Era uma noite escura. O
dia tinha se encerrado assim, visto que ainda chovia na cidade. Parecia a
cabeça de Alexandre quando percebia a enrascada em que se metia, complicando-o
cada vez mais.
Por que no dia do
acontecimento não foi direto à delegacia? Era o que perguntava a si mesmo.
Por que voltara ao
local do acidente (agora crime) e cortara a cabeça de Marina?
Por que levara a cabeça
para outro lugar?
Tudo isto lhe
atormentava agora. Pensava:
Agora sim eu cometi um
crime, quando antes tinha sido só um acidente. Ninguém mais vai acreditar em
mim se eu voltar e contar o que aconteceu.
Pensava “o destino nos
coloca por caminhos tortuosos, cheios de espinhos, momentos inexplicáveis.
Continuava pedalando. Olhava
mais para o pretume do asfalto do que para o céu nublado e foi num levantar de
olhos, quando já chegava à Costeira do Pirajubaé, que viu uma pequenina capela,
típica igreja açoriana, branca e amarela, no meio de muito verde. Parou e
sentiu vontade de lá entrar.
Alexandre largou a
bicicleta na frente da paróquia e enquanto subia os degraus da igrejinha ouvia
vozes que vinham do seu interior. Espiou. Tirou seu capacete e viu um padre ao
lado de uma senhora que com o véu na cabeça gesticulava e apontava para si.
Pé ante pé,
ajoelhou-se, precisava de um alento naquele turbilhão de pensamentos e culpas
por erros que não tinham mais como serem corrigidos. Lágrimas caem de seu
rosto...
O padre percebeu o
desespero do rapaz. Pede licença à beata e se dirige a ele dizendo:
- Venha meu filho.
Vamos até à sacristia, acho que você precisa conversar...
Depois de se confessar
Alexandre se sentia menos culpado. O que fizera com cadáver poderia até ser
monstruoso, mas foi em desespero e a pessoa já estava morta.
Voltou para o quarto da
pensão. Tinha a intenção de pegar suas coisas, devolver a bicicleta alugada e
voltar para sua casa.
Entretanto, nada seria
tão fácil como ele imaginara. Ao chegar na pensão para acertar suas contas
deparou-se com o Prof. Antônio, aquele mesmo que conversara na frente do mar.

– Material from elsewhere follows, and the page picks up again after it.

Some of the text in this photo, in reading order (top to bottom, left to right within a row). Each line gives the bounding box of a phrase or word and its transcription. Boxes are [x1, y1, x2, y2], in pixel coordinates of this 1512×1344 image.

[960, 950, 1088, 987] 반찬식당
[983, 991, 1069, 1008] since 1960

Ele tinha um filho hospedado ali com a família, visto que sua casa no Pântano
do Sul era pequena e já estava cheia. Fora até o local buscá-los para jantar em
sua casa.
Bem, agora ele não
poderia mais sair apressadamente, teria que ter mais paciência, mas também nem
tinha comprado passagem para aquela noite. Se bem que passagem para Porto
Alegre, geralmente havia possibilidade, visto que havia vários ônibus saindo
desta capital para aquela.
O professor quando o
viu logo veio logo ao seu encontro, cumprimentando-o efusivamente e ele
disfarçou a impaciência e o desconforto daquele reencontro, porém o professor
puxa uma cadeira e faz menção de se sentar para uma conversa.
Alexandre então
perguntou:
- Onde o senhor
lecionava antes da aposentadoria? Quais matérias lecionava? Tinha muitos
alunos?
Na realidade ele não
queria resposta alguma, mas tentar disfarçar o desconforto que sentia. Desta
forma inventou outras perguntas sem esperar pelas respostas das que já tinha
feito.
O Professor Antonio
explicou que leciona Medicina Legal, na Faculdade de Medicina da PUC/Porto
Alegre, para turmas mistas, sempre com 40 a 50 alunos. Adorava lecionar e ver o
entusiasmo das garotas e rapazes, discutindo meandros de perícias e as
possíveis causas da morte. Continuou falando de suas experiências como docente,
em sua cidade, mas Alexandre já não prestava mais atenção à conversa, sendo
despertado do seu alheamento quando ouviu o professor lhe perguntar:
- Onde e como você
machucou tanto suas mãos?
Alexandre sem saber o
que responder disse:
- Sou
artesão/carpinteiro e sempre me machuco no trabalho, mas recentemente tive uma
briga. Alguém tentou roubar minha bicicleta. E deu o assunto por encerrado.
O professor que era
especialista na área, aposentado, sem ter o que fazer, ficou matutando sobre as
respostas. Não satisfeito pensou, depois pego o endereço deste rapaz na
recepção. Acho que vamos ter que conversar mais sobre este assunto futuramente.
Quando Marina chegou à
cidade, todos os homens a queriam. Tinha um jeito sedutor no olhar e seu modo
de caminhar enfeitiçava todos os homens. Ela fora para a ilha com um namorado,
Fábio, mas logo a relação terminou. Era estudante, na Universidade Federal e
sobrevivia como doceira, fizera um curso de culinária em Osório com uma
requintada doceira daquela cidade, chamada Silvania. Aprendera a colocar
sensualidade e prazer no sabor.
Pedro era um homem
tímido, solitário, talvez a profissão de pescador o induzira a viver bem assim.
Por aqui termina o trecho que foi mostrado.